Through much of advertising’s history, the nature of ads has been interruptive. Whatever we are consuming, ads are designed to distract us from it, to veer us away from what we’re supposed to be focusing on.
This format worked for a long time, especially when the medium through which we consumed most media was limited by a once crucial element: space, There were only so many pages in a magazine, so if 15 of them were ads, they were sure to command attention individually. This was a valuable proposition to advertisers, which meant they were willing to pay for it.

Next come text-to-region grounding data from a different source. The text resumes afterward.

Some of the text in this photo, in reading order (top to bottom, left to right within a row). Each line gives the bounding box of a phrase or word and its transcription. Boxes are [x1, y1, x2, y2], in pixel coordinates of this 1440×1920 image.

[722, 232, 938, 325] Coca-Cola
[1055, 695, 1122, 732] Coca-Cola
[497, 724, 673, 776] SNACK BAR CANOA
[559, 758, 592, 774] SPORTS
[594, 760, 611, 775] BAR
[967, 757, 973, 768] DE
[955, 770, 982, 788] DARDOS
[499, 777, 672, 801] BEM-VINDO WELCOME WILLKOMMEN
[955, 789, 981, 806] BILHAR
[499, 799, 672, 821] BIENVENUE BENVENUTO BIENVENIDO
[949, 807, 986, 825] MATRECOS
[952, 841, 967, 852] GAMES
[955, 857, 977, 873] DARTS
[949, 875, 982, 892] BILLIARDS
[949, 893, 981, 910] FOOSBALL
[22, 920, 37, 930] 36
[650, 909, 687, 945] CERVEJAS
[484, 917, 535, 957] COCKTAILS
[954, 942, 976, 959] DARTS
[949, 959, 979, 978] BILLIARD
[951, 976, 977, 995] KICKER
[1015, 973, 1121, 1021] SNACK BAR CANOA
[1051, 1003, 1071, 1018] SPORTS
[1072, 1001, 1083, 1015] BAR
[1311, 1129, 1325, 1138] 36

But with the advent of the internet, that limitation vanished. All of a sudden, there was an infinite amount of space in which content could be published. With so little scarcity, the value of ads went down. The discrepancy between what ad space costs now and what it cost two decades ago is one of the biggest reasons behind the struggling publishing industry.
But as time has gone on from the early internet, the medium has shifted again. Now, it’s not so much about consuming vast reams of content but creating it ourselves via social media channels like Snapchat and Instagram. Now that our relationship with content is so much more active, advertising has shifted as well. First we saw ads appearing in our feeds based on our past searches or what our habits indicate we might like to see. We’re now seeing companies integrate ads into content creation itself.

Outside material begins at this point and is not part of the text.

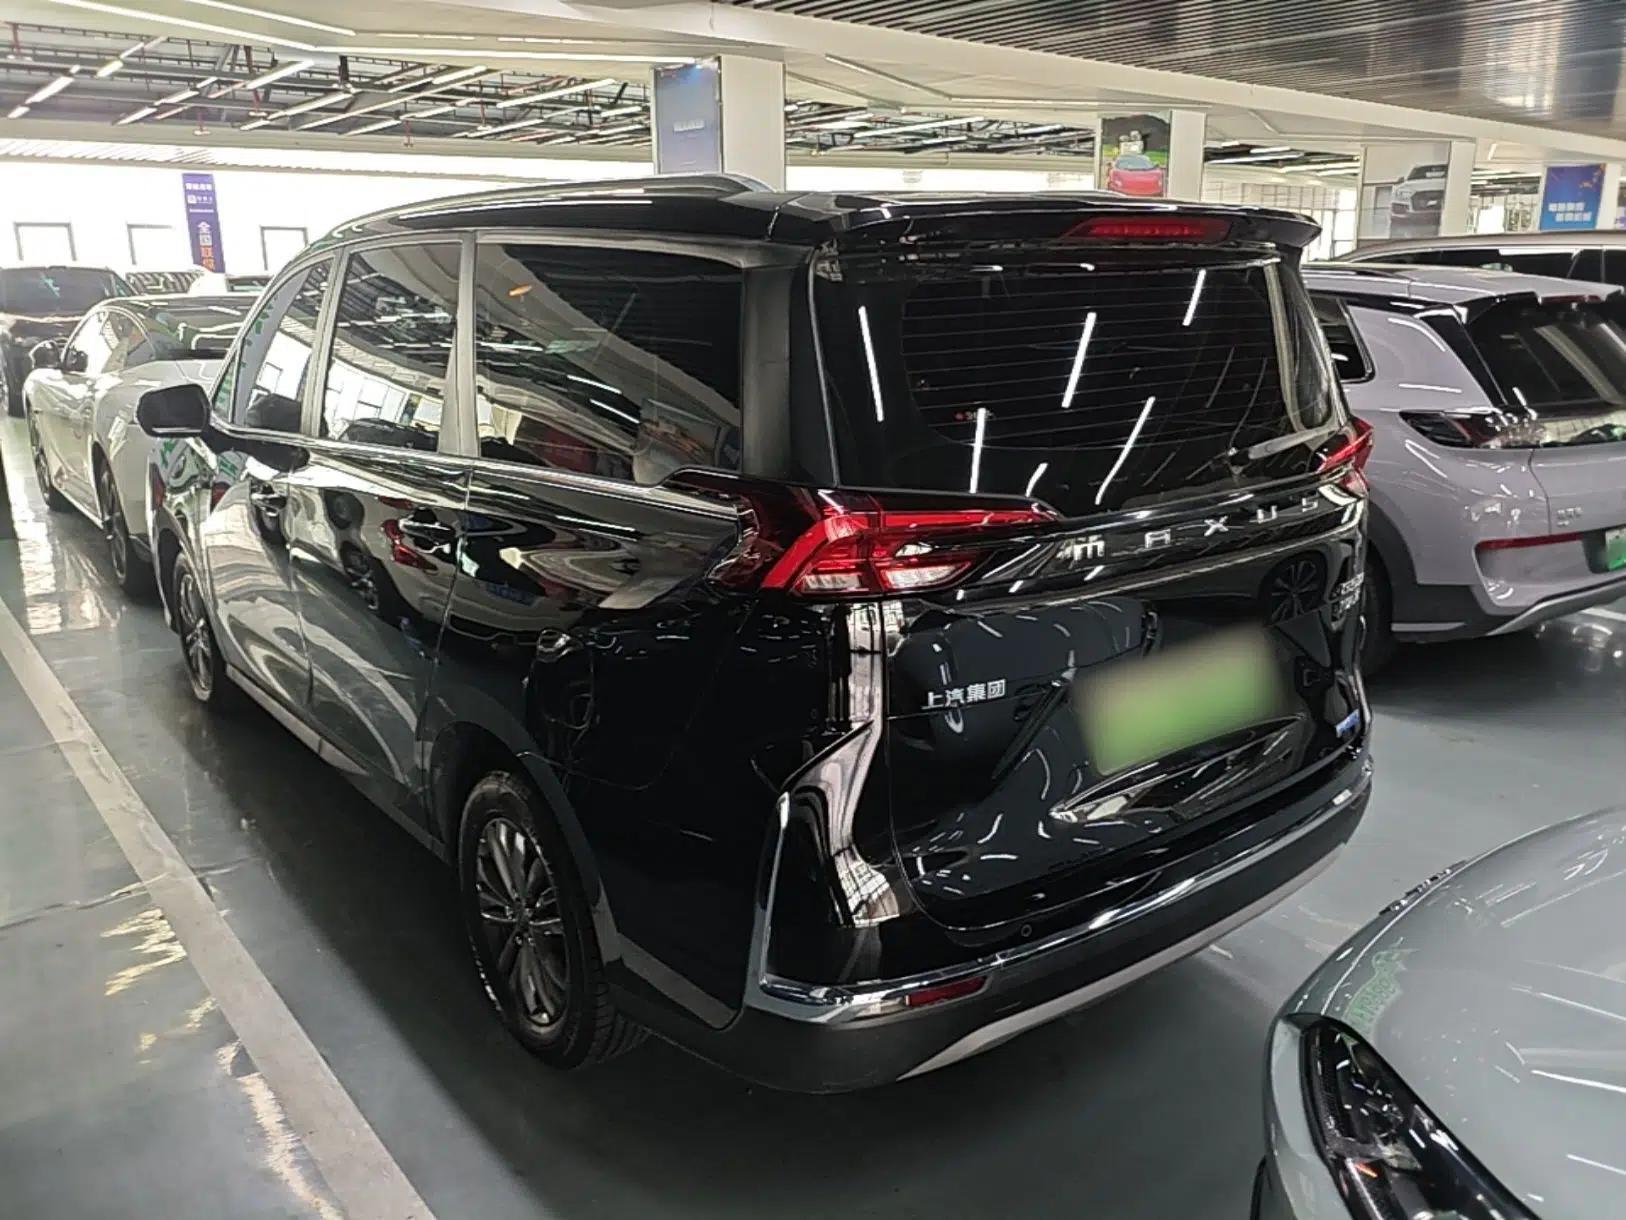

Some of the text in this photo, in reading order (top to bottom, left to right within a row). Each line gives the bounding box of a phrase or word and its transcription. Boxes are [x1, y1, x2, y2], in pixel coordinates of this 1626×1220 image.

[1072, 495, 1319, 562] MAXUS
[921, 679, 1006, 709] 上汽集团

One primary example of this is “sponsored content”, or “advertorial”. This is where a company or brand pays for a piece of editorial content to be written that might actually be interesting to a reader who isn’t (yet) a potential customer. The idea is to more or less “trick” the reader into consuming what they think is a news item, when in reality it is actually an ad. Because it may not explicitly serve the brand’s needs or convey its message, it is designed to provide value to the reader regardless of whether or not they realize they are viewing an ad.
A more recent form of this immersive advertising is filters. Snapchat rolled this out first, allowing companies to make custom “lenses” around calendar events. A very successful example of this was when fast food chain Taco Bell released a giant taco lens around the American holiday Cinco De Mayo. According to Ad Week, the lens not only resulted in 224 million views in one day, but “the average user played with Taco Bell’s ad for 24 seconds before sending it as a “snap.” In terms of unique plays—or the number of times individual people interacted with the ad—the campaign generated 12.5 years’ worth of play in a day, according to Snapchat.”
This kind of immersive “play” is incredibly valuable to advertisers, as it is far more engaging than simply scrolling past an ad in a feed or turning a page in a magazine. It’s not surprising then that other networks have recently gotten in on the act, with Twitter rolling out its new branded stickers just a month after announcing the stickers function itself.
The company stated on their blog that “#Stickers act as a visual hashtag, meaning that photos with your brand’s sticker will be connected and discoverable to anyone who taps your brand’s sticker. This allows a brand to see and engage with the people who are using their stickers in creative ways.”
Again, this is an example of a platform giving advertisers a way to not just hawk their product or service, but invite people to actively engage with it while creating their own content.
While the future of advertising is always in flux, the arrival of immersive ads makes it clear that the ad experience can’t go back to being static or passive; the future of advertising is active.